River View Family Eyecare exists to provide the absolute best eye care to all of our patients - it's what we have been known for since our clinic opened in 2011.
We have made the decision to become an out-of-network provider, effective as of September 1, 2020, for VSP (vision service plan) and EyeMed vision plans. We can still be your eye doctors if you are enrolled in one of these plans! See below for more information.
Why did we become out-of-network providers? Certain insurance and vision plan companies have been tying our hands by placing limitations on your policies that, we feel, significantly compromise the level of care that we can provide. They restrict our choices in frames, lenses and contact lenses to force their members to use products they manufacture and these products are often of a lower quality.
In addition, we refuse to fall into the current healthcare model of seeing as many patients as possible due to declining reimbursements and would rather focus on quality care.
OUT OF NETWORK BENEFITS: WHAT YOU NEED TO KNOW
First, the good news:
Many of our patients will be unaffected by this change, and even those with VSP/Eyemed often have medical eye exam benefits through their major medical insurance.
We are still in network with many vision plans (listed here) and can utilize Health Savings and Flex Spending Accounts.
Our eye exams will continue to far exceed the requirements of a VSP or Eyemed eye exam and we will be able to take the time to address all of your concerns.
We can still be your eye doctors! Your insurance cannot and should not tell you who you can and cannot see.
For all of our patients with out of network vision plans, we will be offering a 25% discount on annual eye examinations as well as discounts on all of our unique and beautiful eyewear. Click here to see our fees.
We will do our best to give you an accurate quote on your out of network benefits and will file your claim for you, so that you can receive reimbursement directly from your vision plan. Please click here to read more about your vision plan and their out of network benefits.
The Other News:
We have been disheartened to hear about the information being provided to our patients when they call their vision plan.
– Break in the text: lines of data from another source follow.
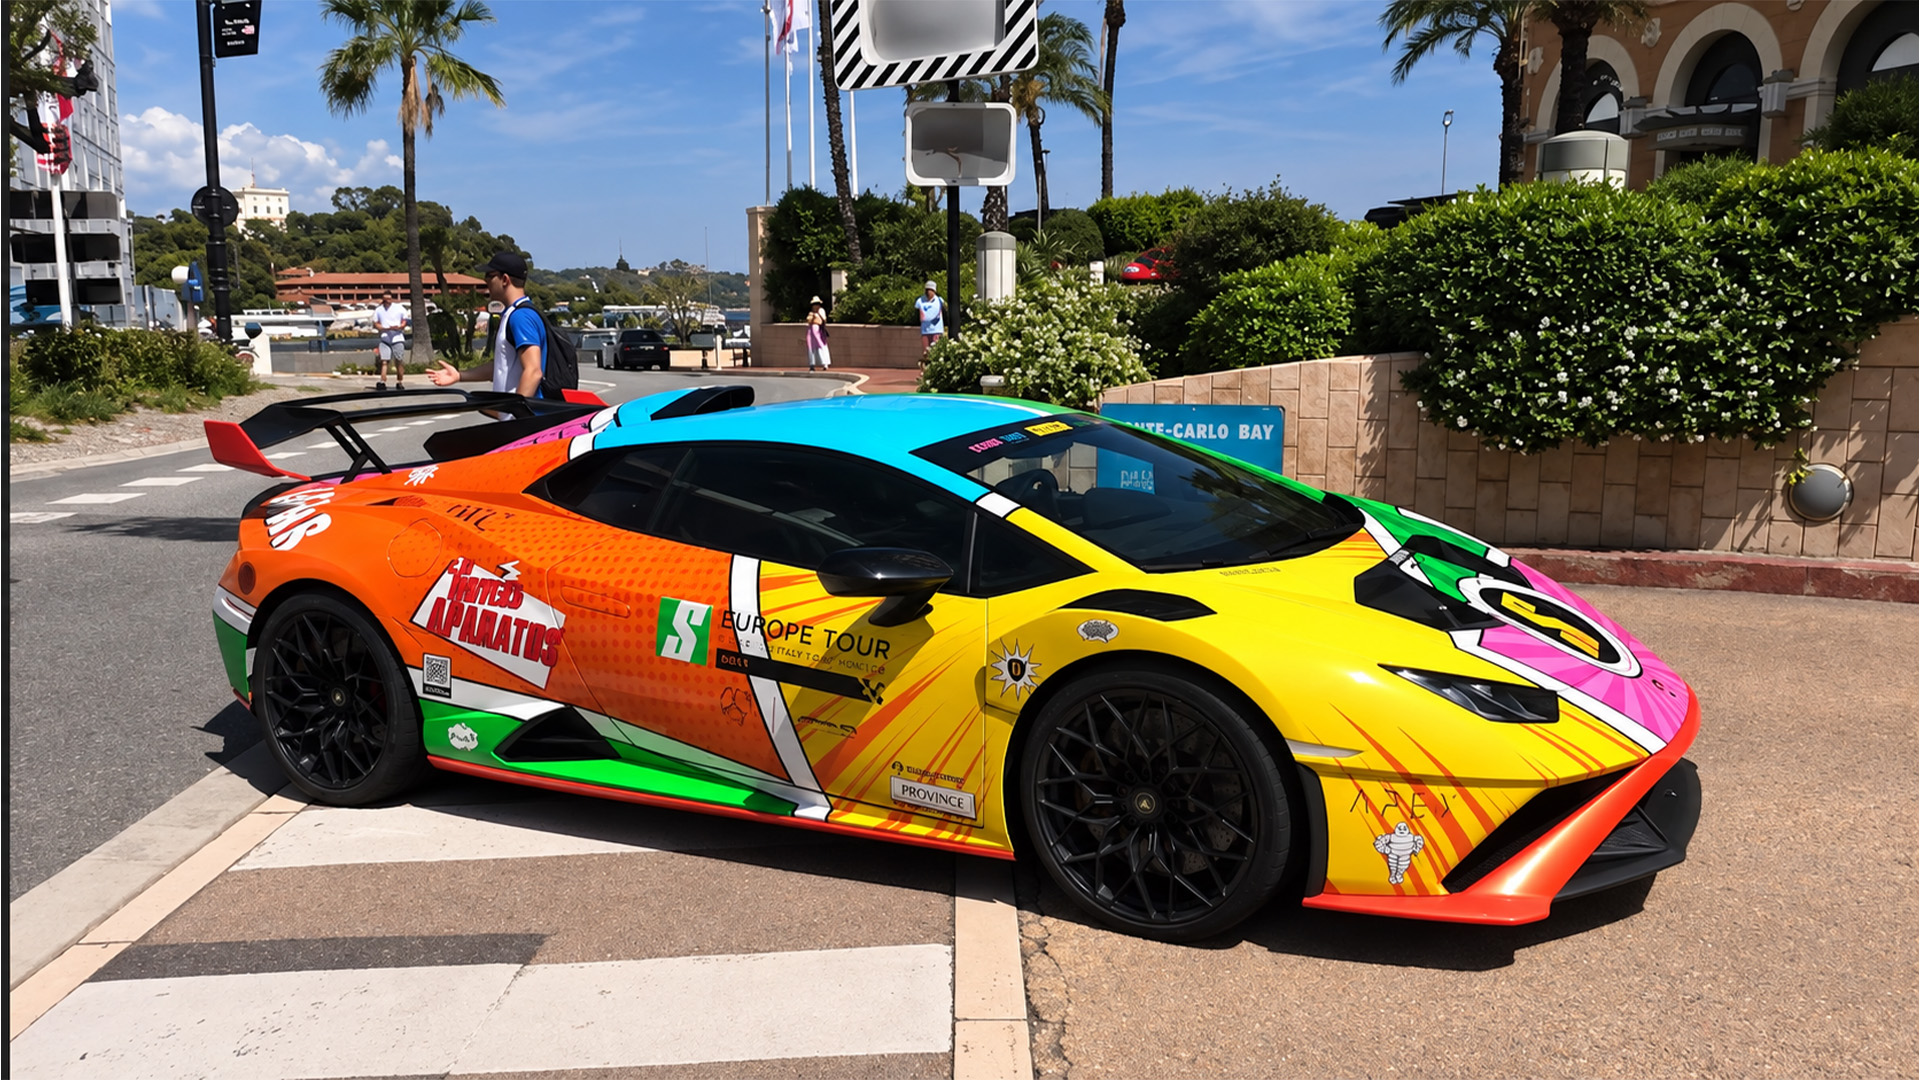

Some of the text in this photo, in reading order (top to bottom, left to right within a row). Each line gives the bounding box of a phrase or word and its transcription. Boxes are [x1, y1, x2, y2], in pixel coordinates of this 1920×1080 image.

[1125, 421, 1275, 440] TE-CARLO BAY
[660, 599, 713, 663] S
[721, 610, 815, 645] EUROPE
[824, 628, 892, 660] TOUR
[901, 784, 965, 809] PROVINCE
These vision plans make money when you go to their contracted providers so they are highly motivated to influence you.
While we can't control what your vision plan representative tells you, we can give you accurate information so that you can make your own decision about your care.
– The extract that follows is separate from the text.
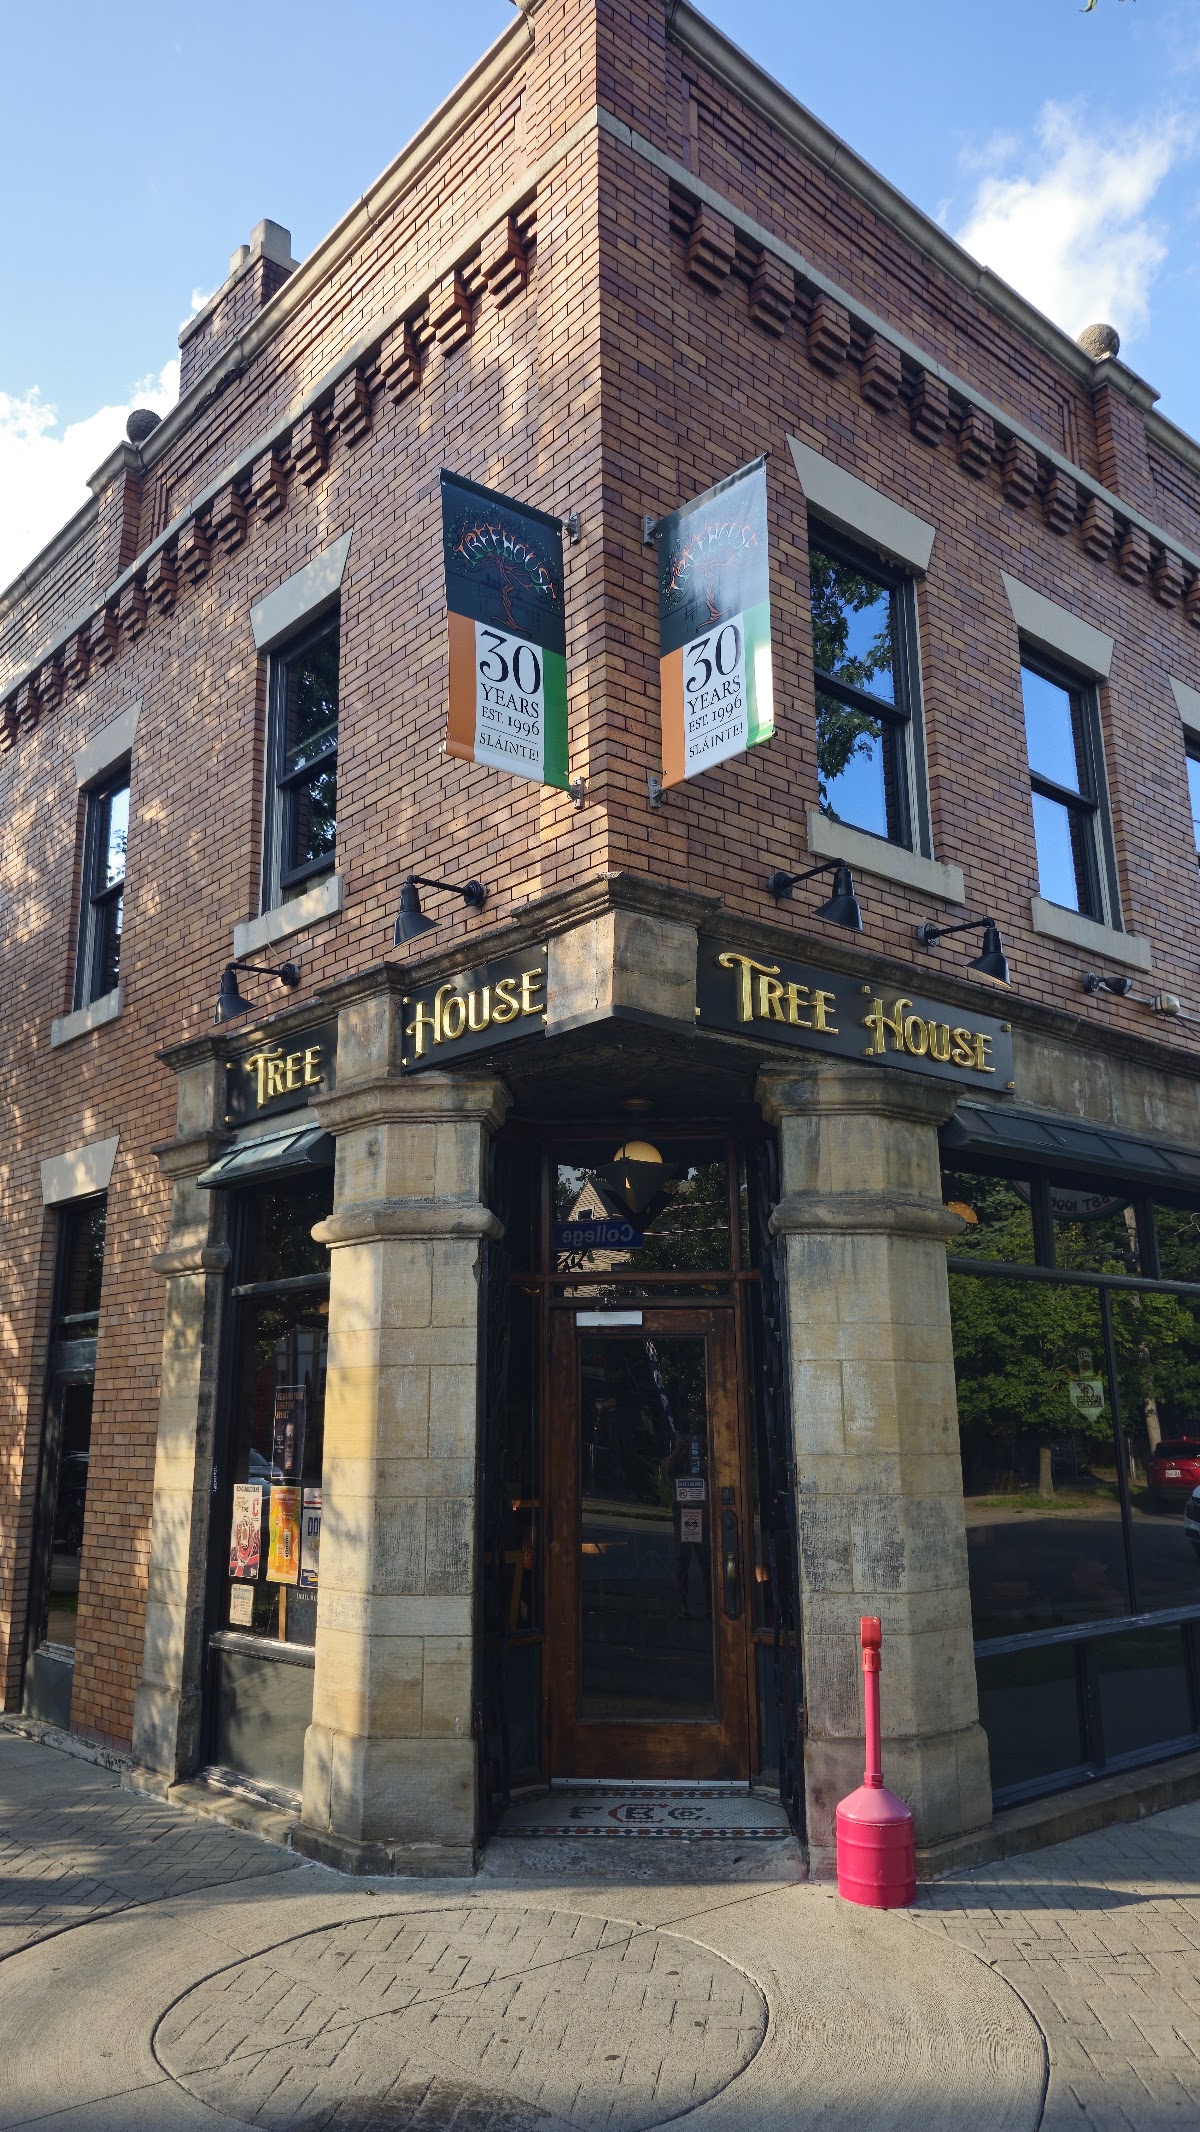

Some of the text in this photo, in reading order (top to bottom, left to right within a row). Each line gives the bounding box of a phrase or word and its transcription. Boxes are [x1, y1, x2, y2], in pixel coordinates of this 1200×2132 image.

Your vision plan may tell you that you don't have out of network benefits when you actually do.
Yes, our patients are reporting that their vision plan is telling them we are being untruthful and that they don't have out of network benefits. We are able to verify if a patient does or doesn't have benefits using a third party.
We operate with 100% honesty and transparency, which is why we've published our fee schedule and do our best to quote you any out of pocket expense before you come in.
Vision plans make money when you go to a contracted provider and they lose money when you don't.
They have made out of network benefits more difficult to determine and they have started taking these benefits away from their members.
For out of network reimbursement we've seen the following:
$40 to $50 for an eye exam
$70 to $120 for contact lenses
$70 to $100 for frames
$35 to $100 for lenses
Your vision plan may tell you that you will end up paying much more for your glasses.
The way your vision plan has set up copays and incentives to use the products they make, you probably will pay more at our office. If cost is a concern, we will gladly provide you with your prescription after your exam.
We will continue to use the lenses and lens treatments that we know are the best and hand select boutique, high quality frames based on what our patients love. We will continue to warranty our products and meet the needs of our patients without restrictions from vision plans.